Top of SOURCE MATERIAL
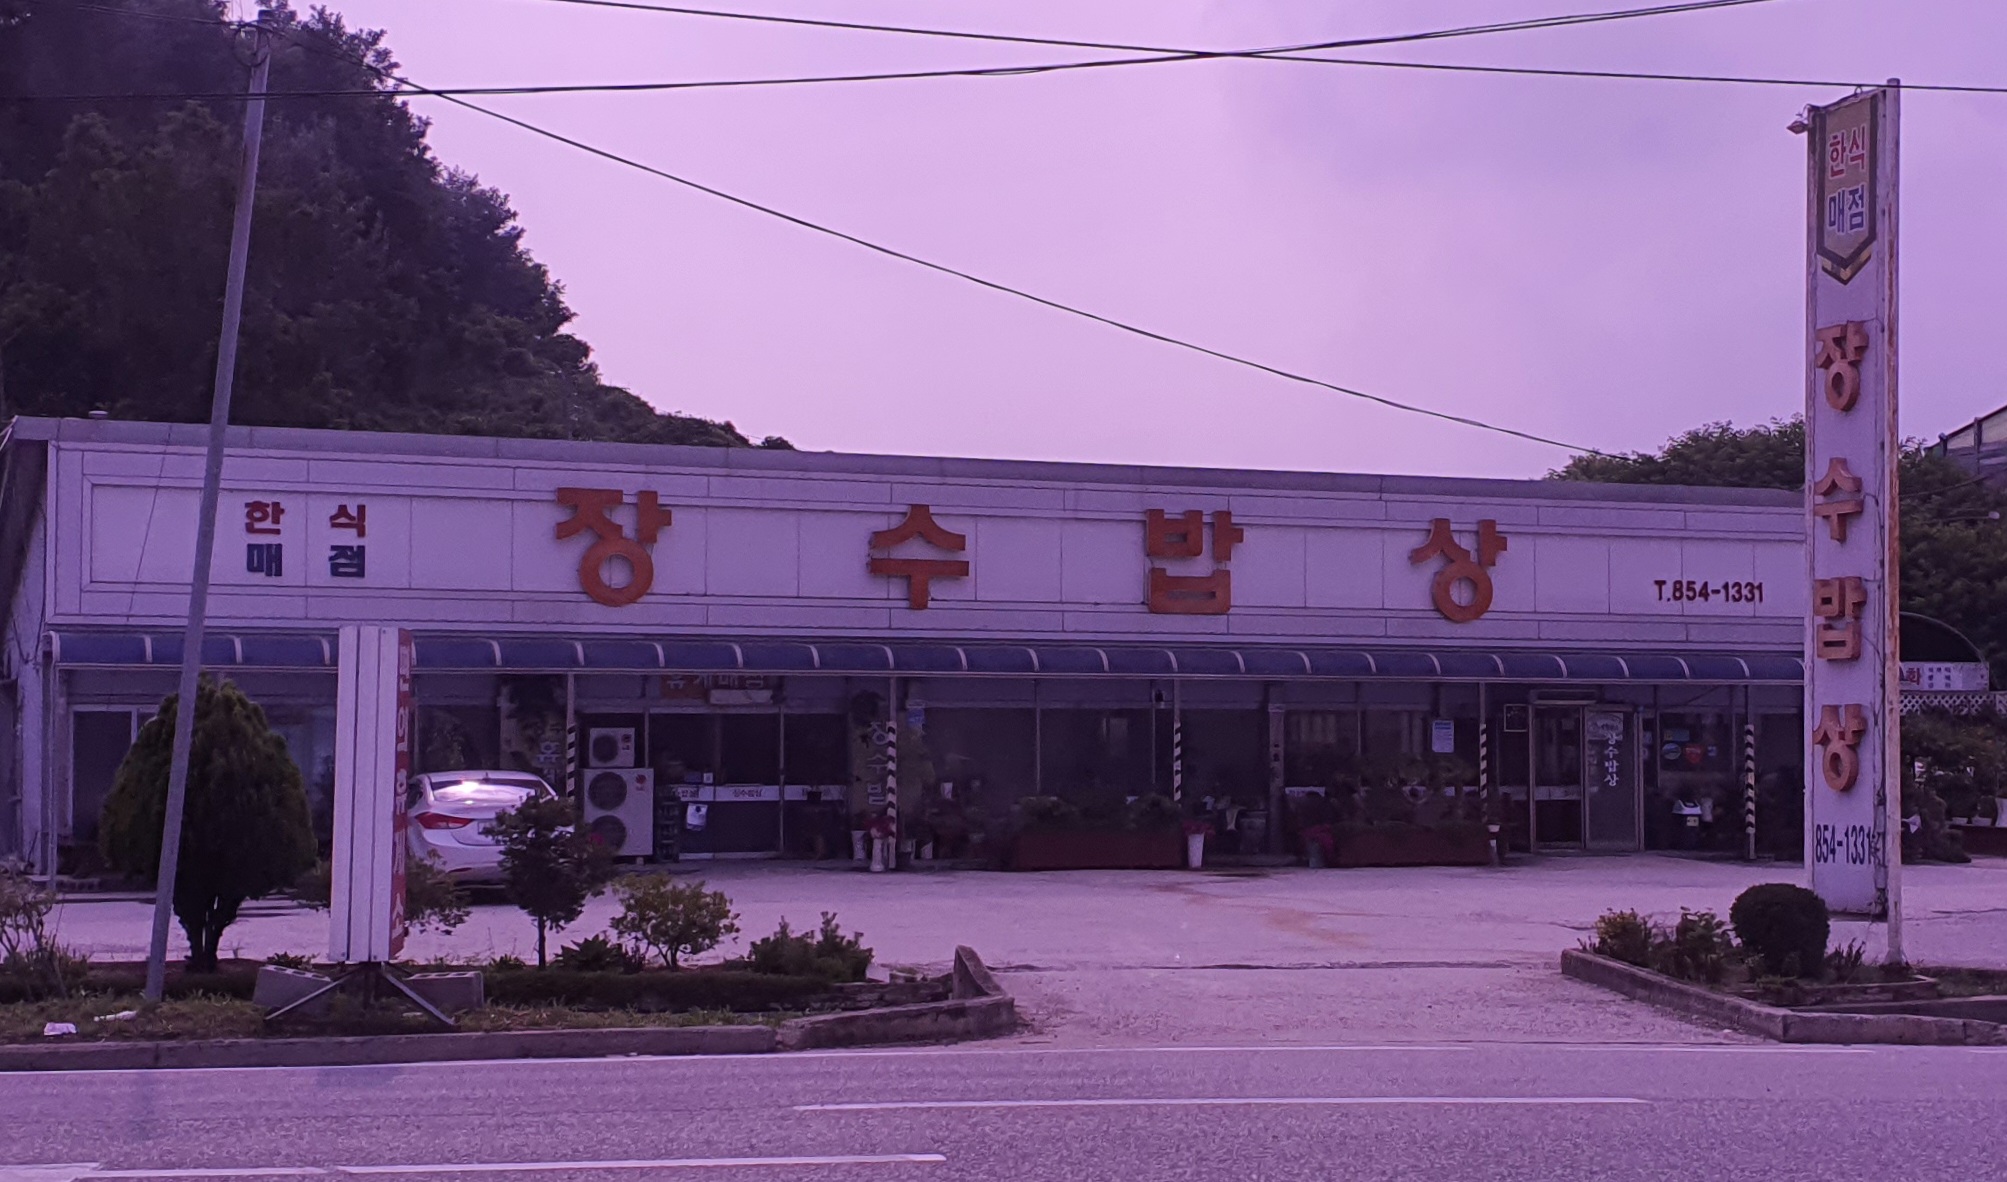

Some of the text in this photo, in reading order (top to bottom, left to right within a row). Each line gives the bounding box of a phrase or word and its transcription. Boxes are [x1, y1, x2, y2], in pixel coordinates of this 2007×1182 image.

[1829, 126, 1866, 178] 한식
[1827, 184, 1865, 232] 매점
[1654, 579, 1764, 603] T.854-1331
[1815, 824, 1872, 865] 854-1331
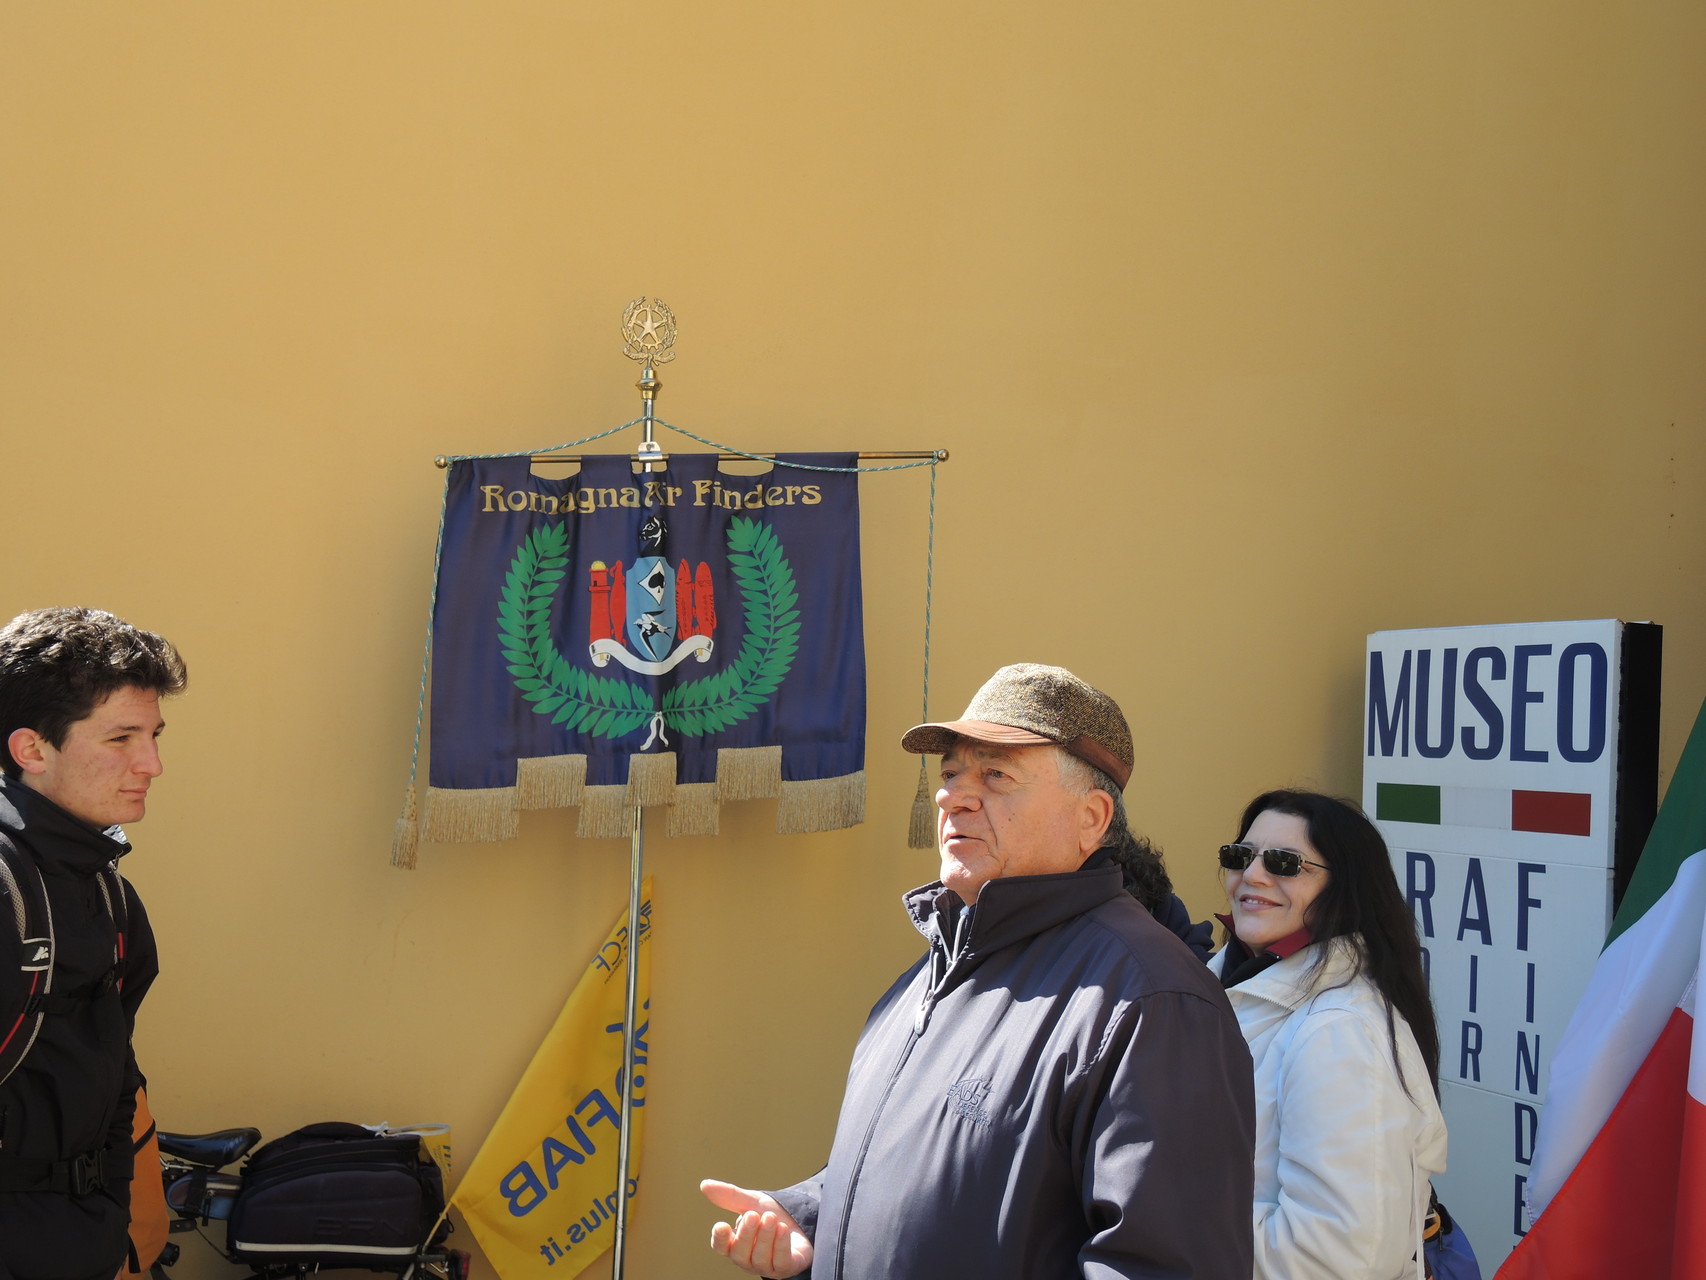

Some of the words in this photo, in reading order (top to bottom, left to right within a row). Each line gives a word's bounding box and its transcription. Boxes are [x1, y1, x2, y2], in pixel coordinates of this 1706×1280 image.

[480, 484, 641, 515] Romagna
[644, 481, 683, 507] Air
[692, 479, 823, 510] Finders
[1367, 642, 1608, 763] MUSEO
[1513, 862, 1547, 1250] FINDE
Bottom of SOURCE MATERIAL
## YOUR INSTRUCTIONS
Please retype the records above starting with the line that contains "Some of the words" and stopping after the last line, changing nothing.

## RESULT
Some of the words in this photo, in reading order (top to bottom, left to right within a row). Each line gives a word's bounding box and its transcription. Boxes are [x1, y1, x2, y2], in pixel coordinates of this 1706×1280 image.

[480, 484, 641, 515] Romagna
[644, 481, 683, 507] Air
[692, 479, 823, 510] Finders
[1367, 642, 1608, 763] MUSEO
[1513, 862, 1547, 1250] FINDE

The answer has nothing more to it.